A couple of things I am able to conclude from these labs are the following:
(1) Thiroyd supplement is legit. Years ago I had it sent to a chemist to have a mass spectrometry assay performed, which determined there was about 25mcg of T4 and 7mcg T3 per grain. Since I have lost contact with the chemist I used, I wanted to know if the supplement is still legit. Based on my TSH <1, I can say with confidence that it is, since without thyroid supplements my TSH usually is between 1-2 on average.
(2) Arimistane probably did nothing to lower my estrogen. I was hesitant to try this supplement, but it had promising reviews and the concept sounded good, but overall I didn't notice anything from it. Based on the claims, it should have resulted in my E2 levels being much lower, which it didn't.
(3) Haidut's androsterone did not seem to do anything for me either. If it worked as described, my DHT would likely be much higher. I love Haidut's products, but for me, this one did not produce results.
(4) Taking both arimistane and androsterone could have potentially increased my LDL cholesterol, due to the action of some aromatase inhibitors. But I am not sure if this is always true, and I don't know what my levels were before, so I can't blame it on the supplements.
(5) Vitamin E- in attempt to lower prolactin, I upped my usual dose of vitamin E. Unfortunately my goal to have prolactin under 8 did not happen.
Moving forward:
My first experiment is going to be for the next two months, from March to May. Then I will re-draw labs. I am going to:
(1) lower my fat intake to no more than 10% of calories. This is in attempt to improve my T/E ratio. I'm not too concerned with lowering total testosterone much, but if I do find that to be the case, I will taper my fat back up. But I will base it primarily in how I feel. My main food sources will be fruit, kale, spinach, and non-fat yogurt smoothies, orange juice, liver, oysters, very lean beef, 1% milk, some eggs, and some white rice and potatoes. I am going to try to make these foods 90% of my diet, and leave 10% for family/friends, but will still try to eat low fat when eating out.

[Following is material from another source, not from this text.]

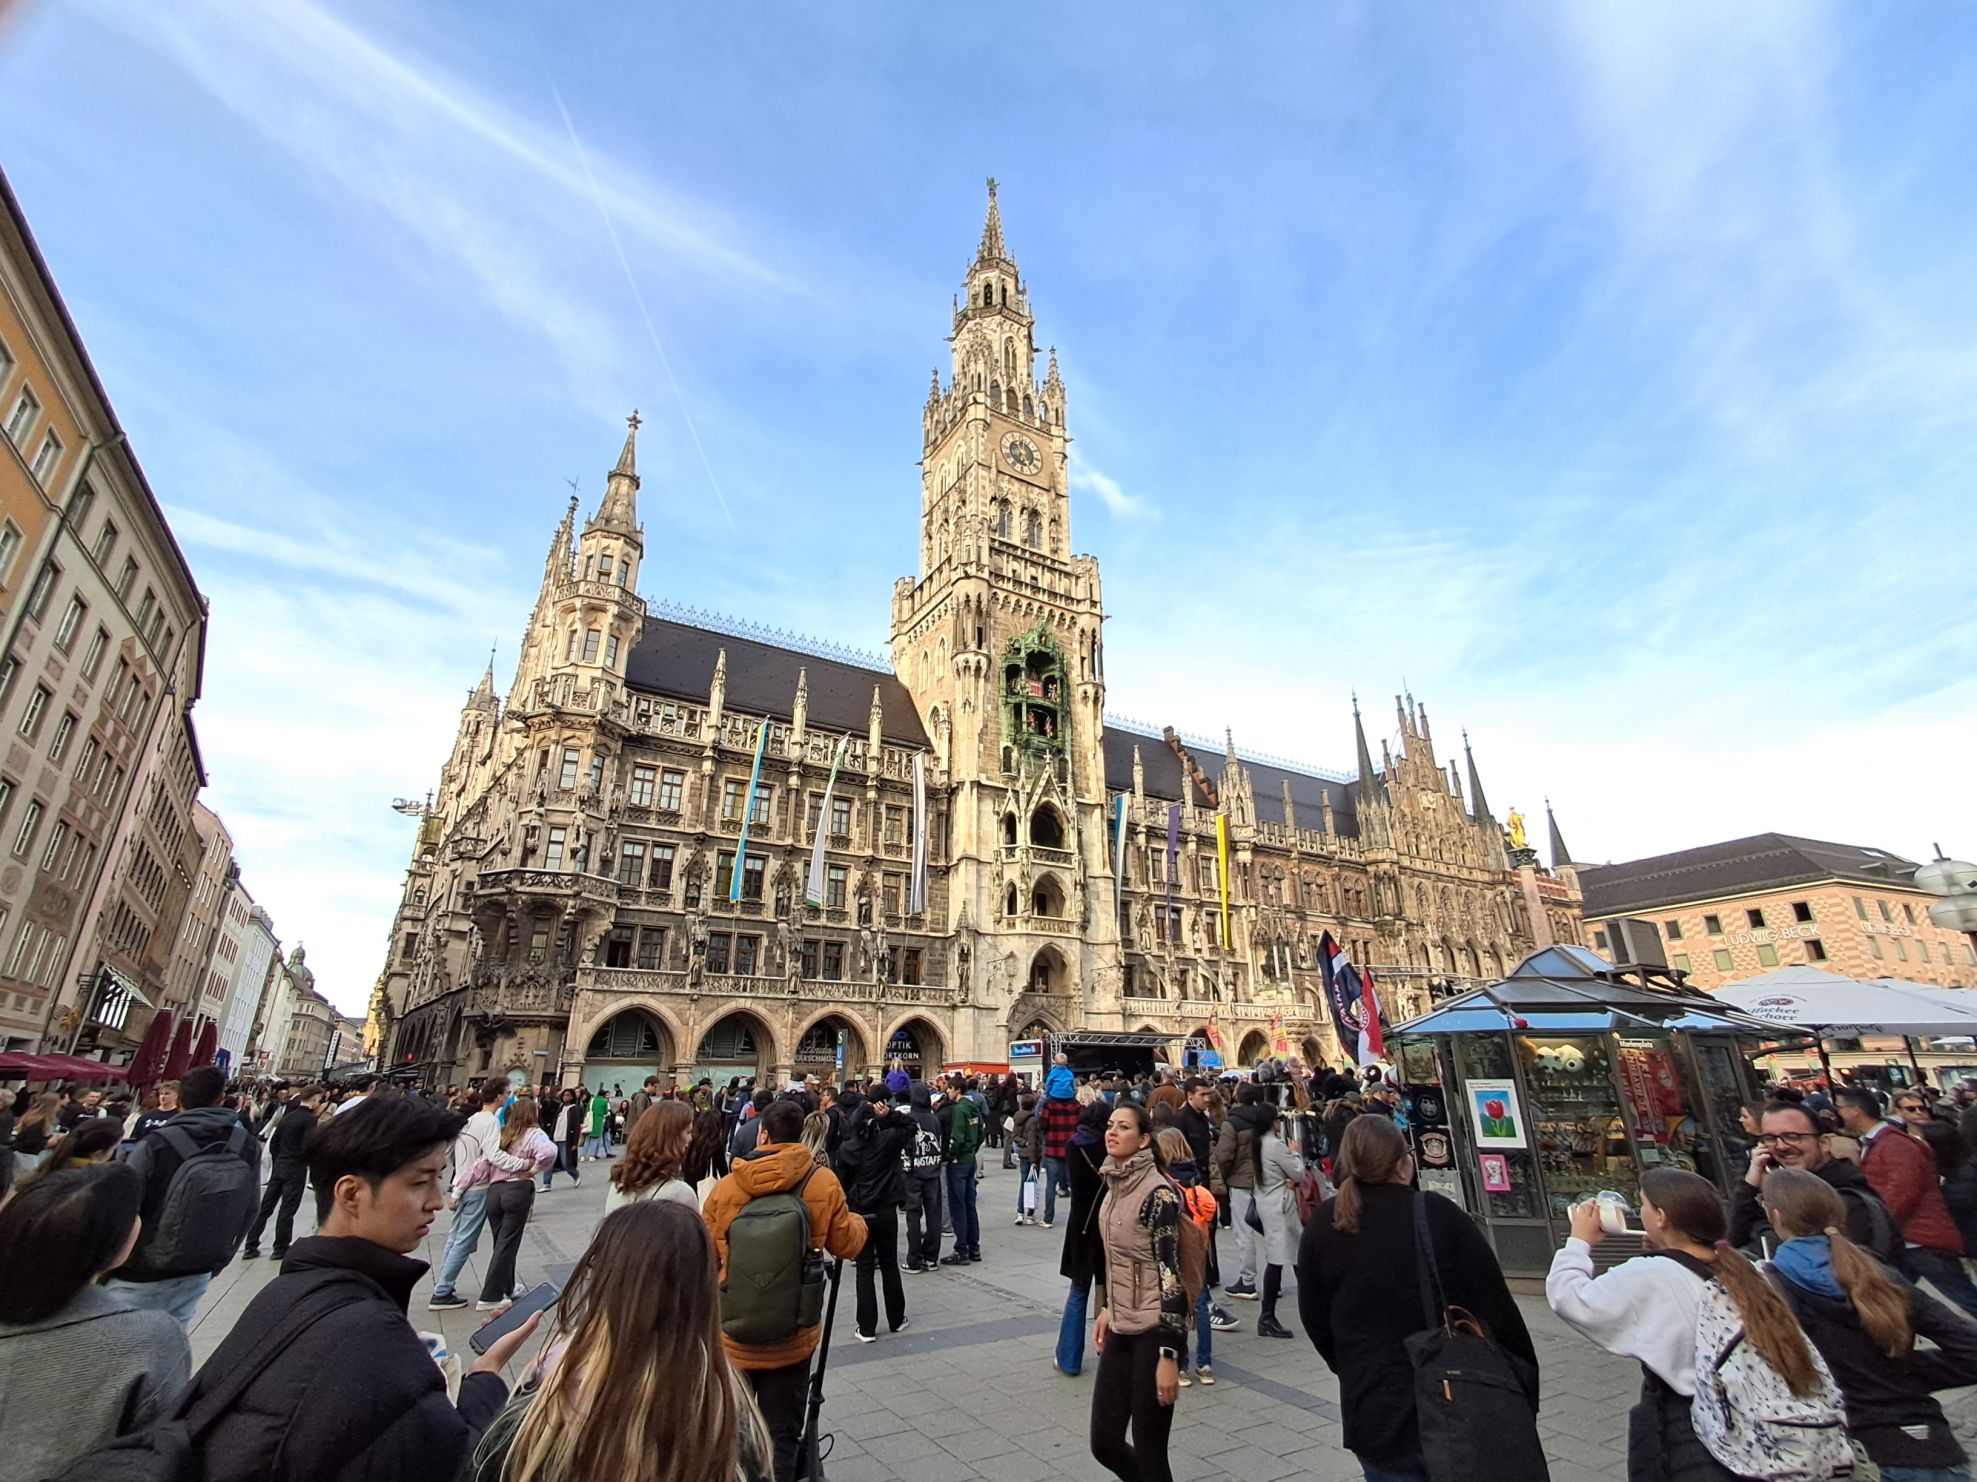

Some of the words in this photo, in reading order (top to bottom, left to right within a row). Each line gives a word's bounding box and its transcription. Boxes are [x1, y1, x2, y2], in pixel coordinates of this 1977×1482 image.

(2) Increase my fructose consumption and lower my starch consumption. I'm not going to take this to the extreme, because I notice that I crave some starch in my diet, and cutting it out completely produces negative effects. But I also notice that fructose for me produces feelings of androgenicity, and I regret eating less of it in favor of more starch in the past year.
(3) Keep carb to protein ratio high, at least 2:1, but shooting for 4:1. I feel best when carbs are dramatically higher than protein and notice that my libido is lower when eating a high protein/low carb diet.
(4) Lower thiroyd dose to 1-2 grains per day. I felt better taking less thyroid, or none at all.
(5) Drop androsterone, and arimistane supplements.
(6) Continuing to supplement with vitamin E, but at a smaller dose, 1000-2000 iu per week.
(7) Experiment with red light therapy more as a way to boost metabolism and androgens.
(8) Begin taking niacinamide along with aspirin and coffee.
I do realize that these are a lot of things to track and that it's difficult to determine which of these factors affect blood results the most, but I also realize that I don't have unlimited funds to have more blood work done and don't have unlimited time to test one thing at a time, so I am going to try to draw conclusions based off of the experiments others have tried to find parallels with my experience. I hope that some of you can benefit from this and I will try my best to stick to the diet 90% of the time, but I am human and can't be perfect.